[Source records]
[Start of Attachment]
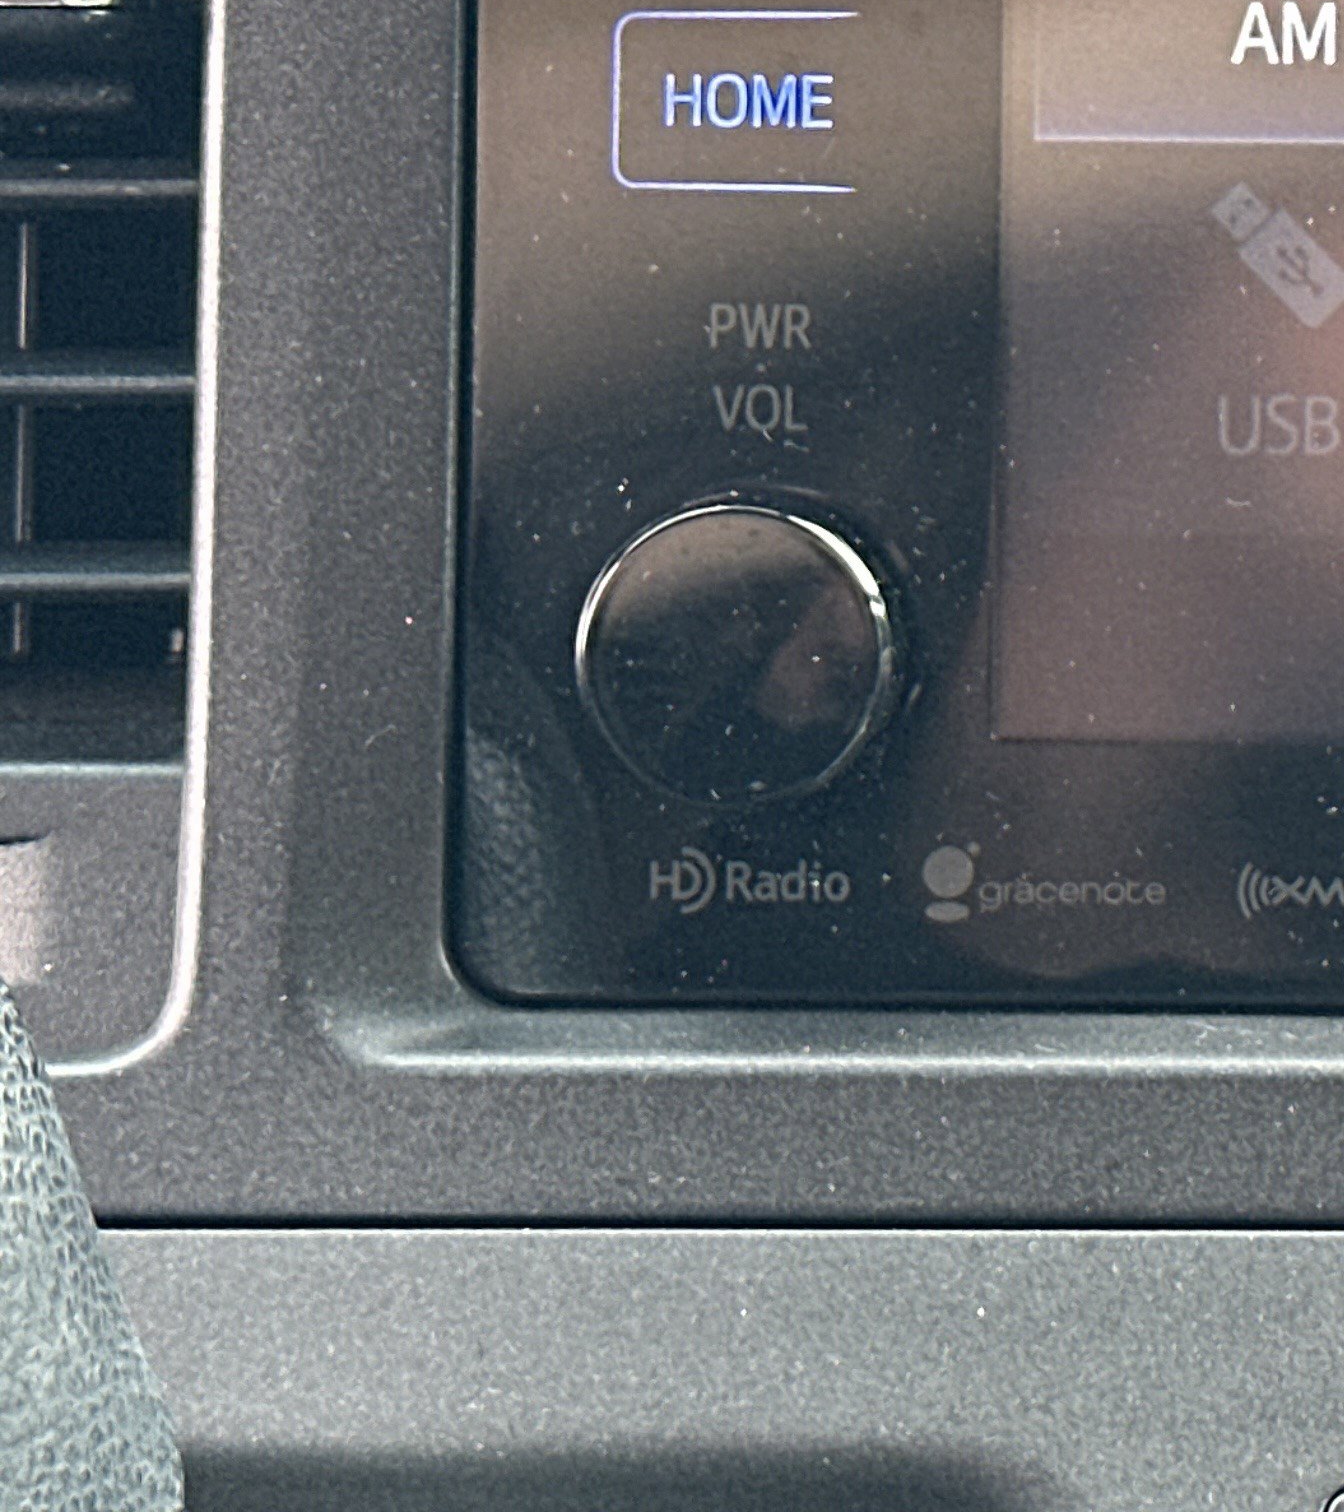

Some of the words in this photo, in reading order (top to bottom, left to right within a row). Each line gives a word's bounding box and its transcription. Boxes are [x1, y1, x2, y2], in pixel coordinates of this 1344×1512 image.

[1231, 1, 1337, 65] AM
[664, 74, 834, 129] HOME
[709, 304, 811, 349] PWR
[714, 384, 807, 432] VOL
[1217, 395, 1341, 456] USB
[725, 857, 850, 903] Radio
[979, 881, 1166, 914] gracenote
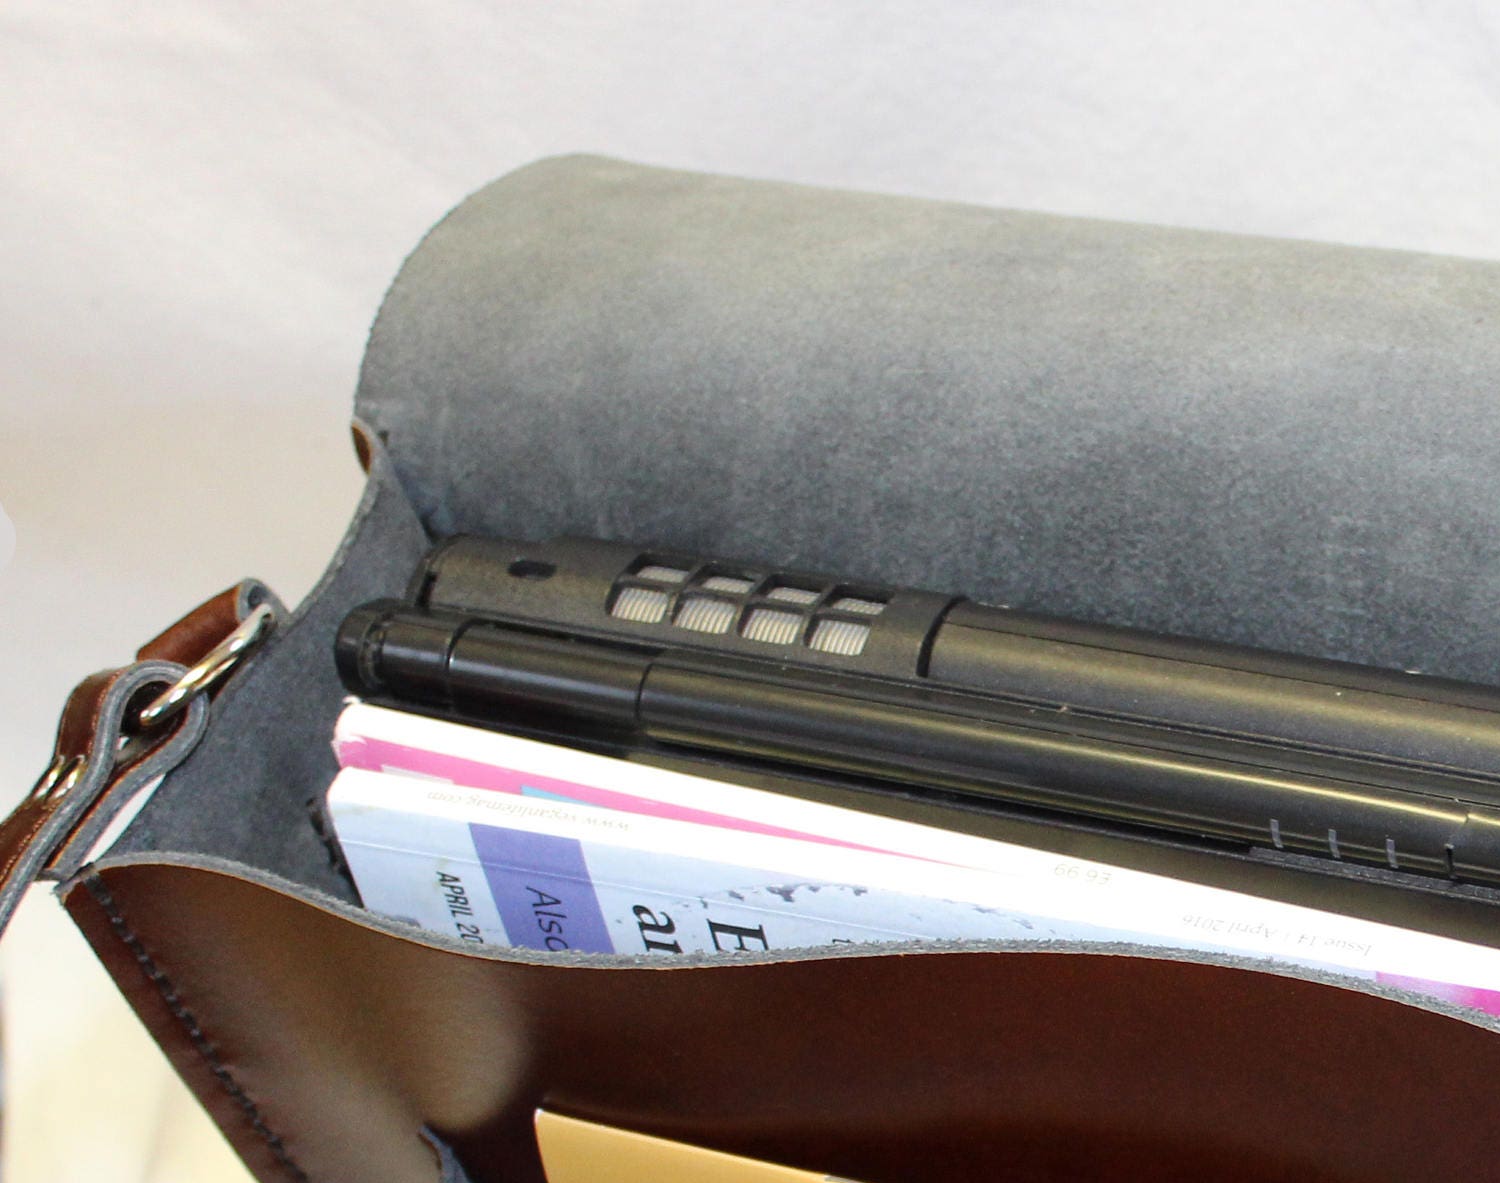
[End of Attachment]
The entries above are to be repeated in full, except for their pictures.

Some of the words in this photo, in reading order (top to bottom, left to right within a row). Each line gives a word's bounding box and its transcription. Boxes are [x1, y1, x2, y2], in pixel coordinates of this 1344×1512 image.

[1231, 1, 1337, 65] AM
[664, 74, 834, 129] HOME
[709, 304, 811, 349] PWR
[714, 384, 807, 432] VOL
[1217, 395, 1341, 456] USB
[725, 857, 850, 903] Radio
[979, 881, 1166, 914] gracenote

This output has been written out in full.